Exactly as written, set down each line of the data below except its pictures.

Top of Source information

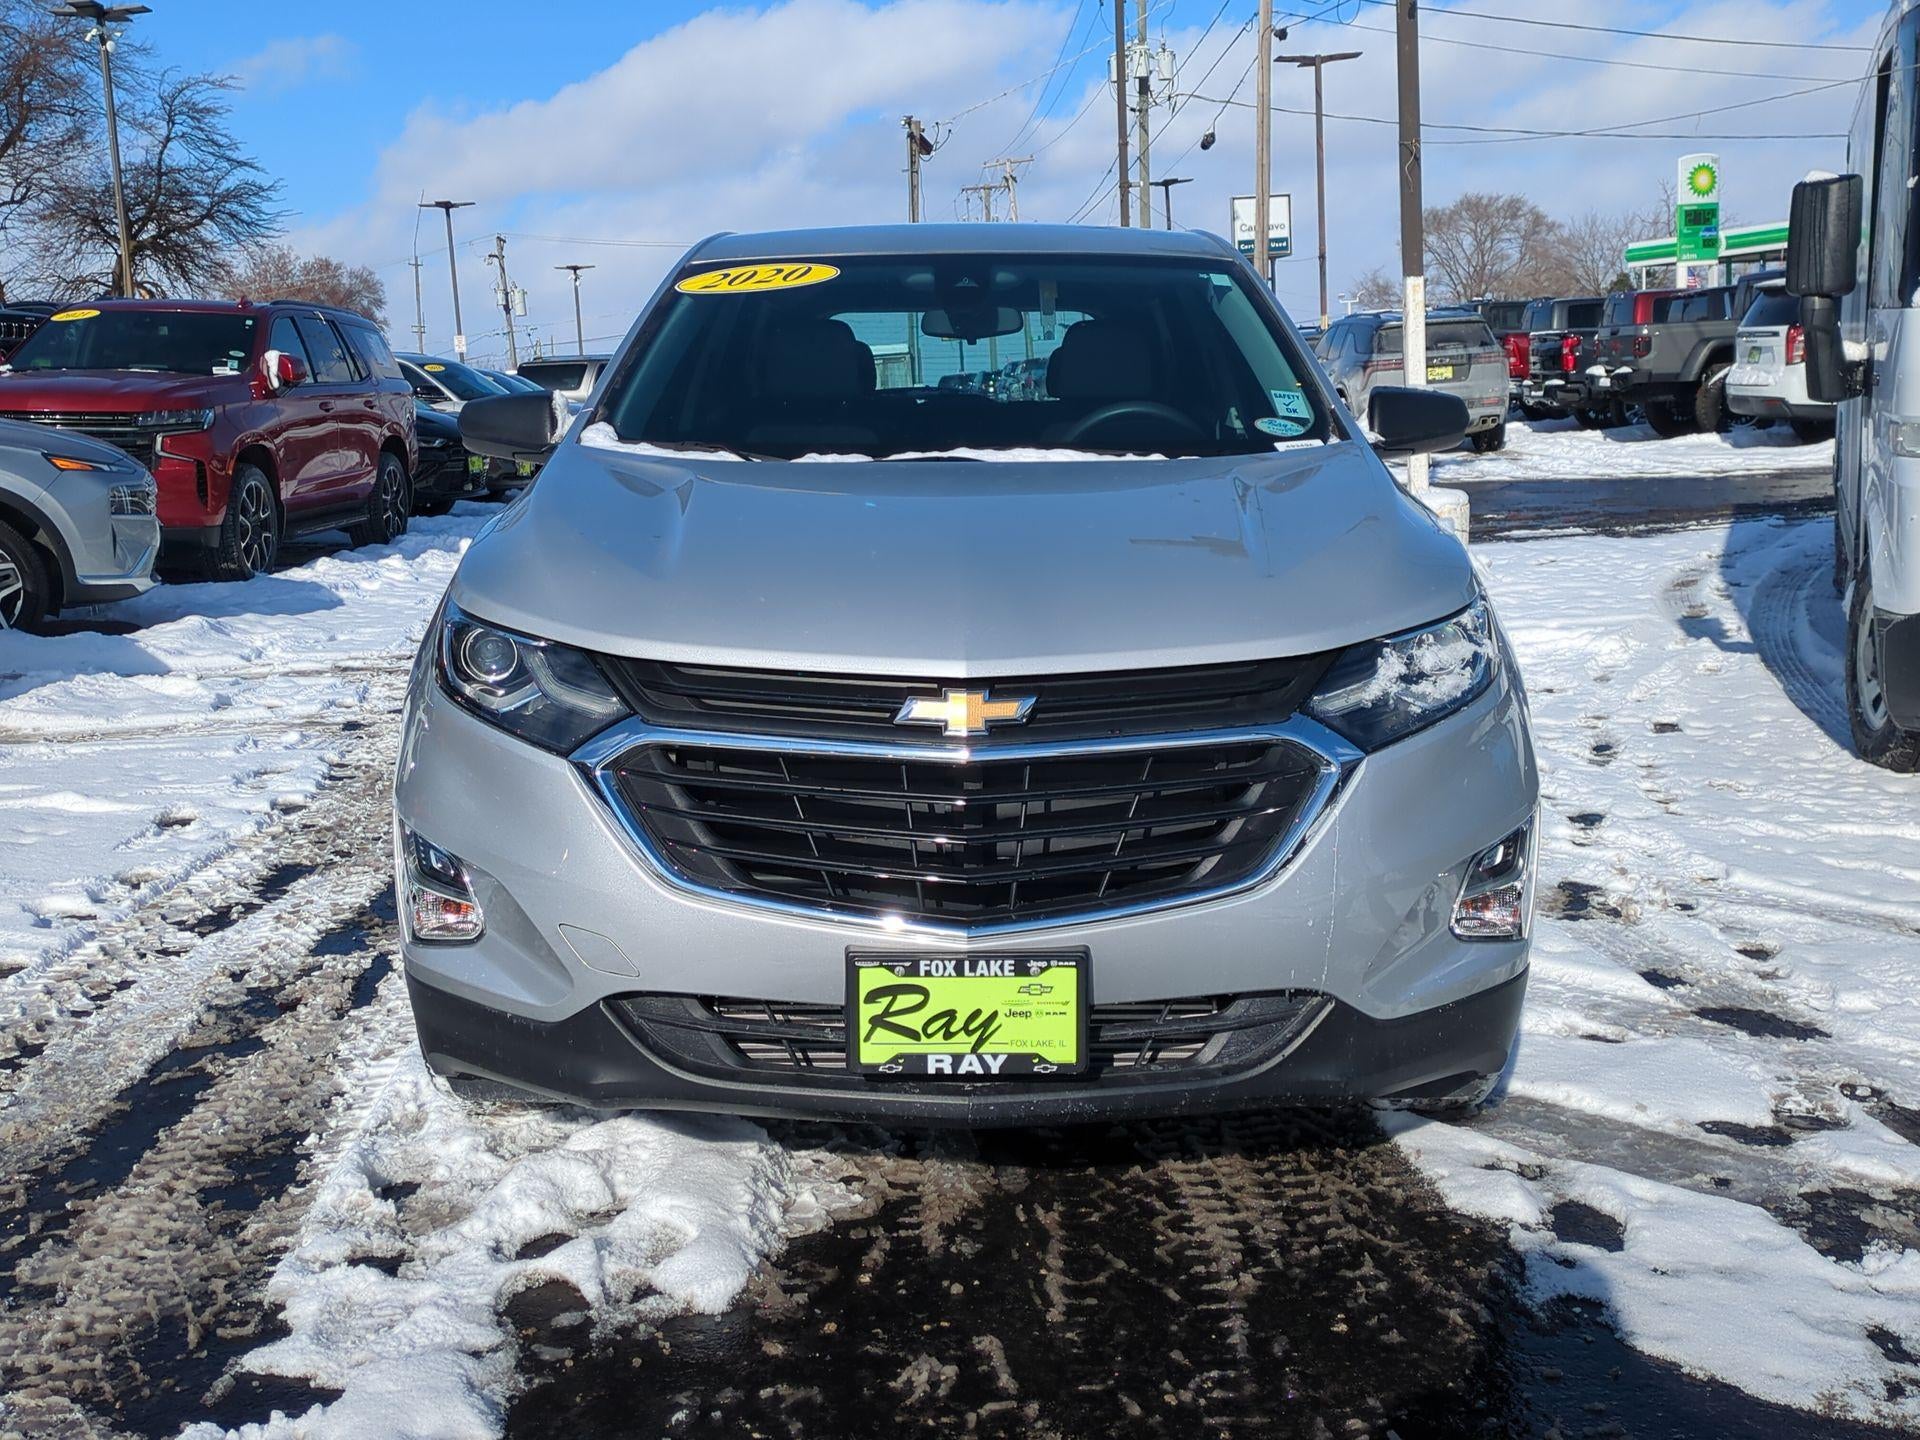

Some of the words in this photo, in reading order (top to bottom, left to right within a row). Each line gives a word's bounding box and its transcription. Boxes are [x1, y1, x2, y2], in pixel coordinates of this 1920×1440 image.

[697, 266, 813, 290] 2020
[919, 960, 958, 977] FOX
[963, 960, 1015, 977] LAKE
[1026, 959, 1048, 968] Jeep
[863, 983, 1002, 1054] Ray
[1004, 1008, 1033, 1019] Jeep
[1010, 1039, 1028, 1048] FOX
[1030, 1039, 1057, 1048] LAKE,
[1059, 1039, 1067, 1047] IL
[927, 1054, 1008, 1074] RAY
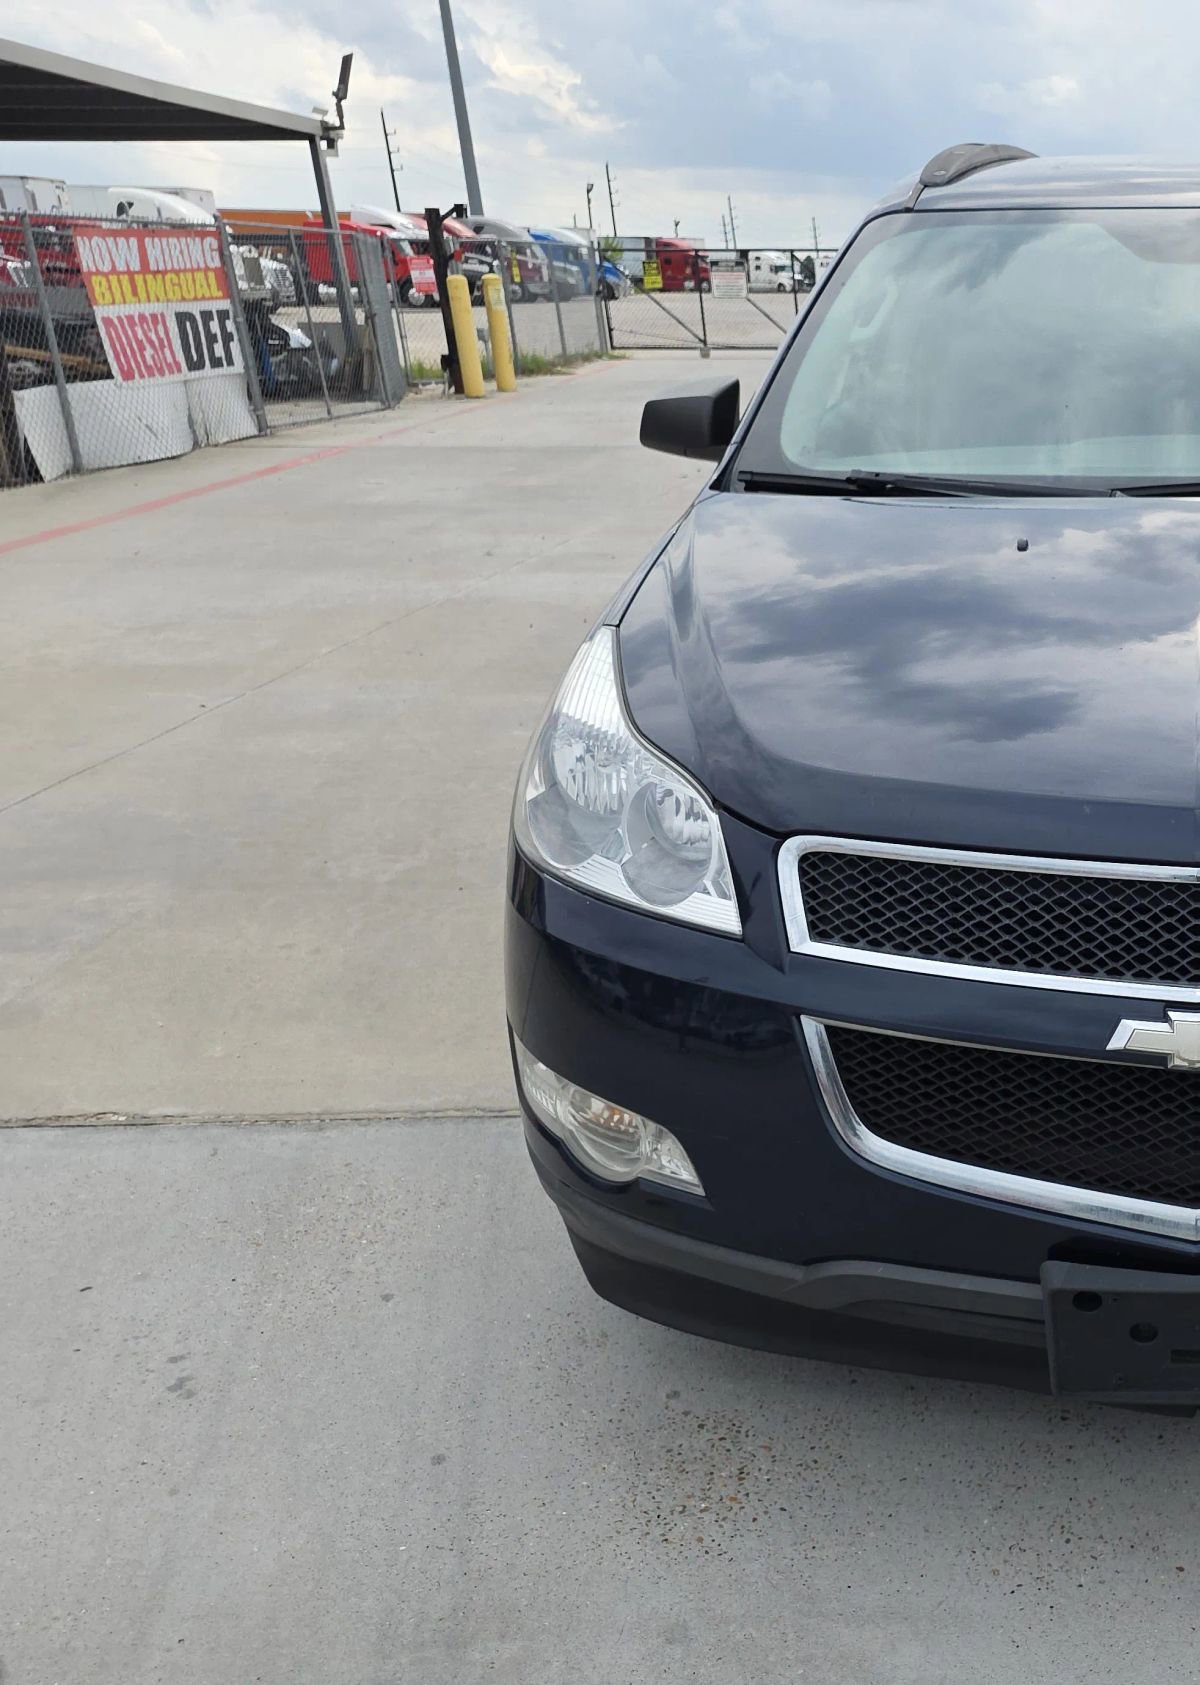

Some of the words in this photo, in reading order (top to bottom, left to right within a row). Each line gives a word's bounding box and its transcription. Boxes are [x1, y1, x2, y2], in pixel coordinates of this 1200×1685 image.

Bottom of Source information

• [Answer below]:
Some of the words in this photo, in reading order (top to bottom, left to right within a row). Each line gives a word's bounding box and its transcription. Boxes are [x1, y1, x2, y2], in pixel coordinates of this 1920×1440 image.

[697, 266, 813, 290] 2020
[919, 960, 958, 977] FOX
[963, 960, 1015, 977] LAKE
[1026, 959, 1048, 968] Jeep
[863, 983, 1002, 1054] Ray
[1004, 1008, 1033, 1019] Jeep
[1010, 1039, 1028, 1048] FOX
[1030, 1039, 1057, 1048] LAKE,
[1059, 1039, 1067, 1047] IL
[927, 1054, 1008, 1074] RAY

Some of the words in this photo, in reading order (top to bottom, left to right within a row). Each line gives a word's bounding box and its transcription. Boxes are [x1, y1, x2, y2], in pixel coordinates of this 1200×1685 image.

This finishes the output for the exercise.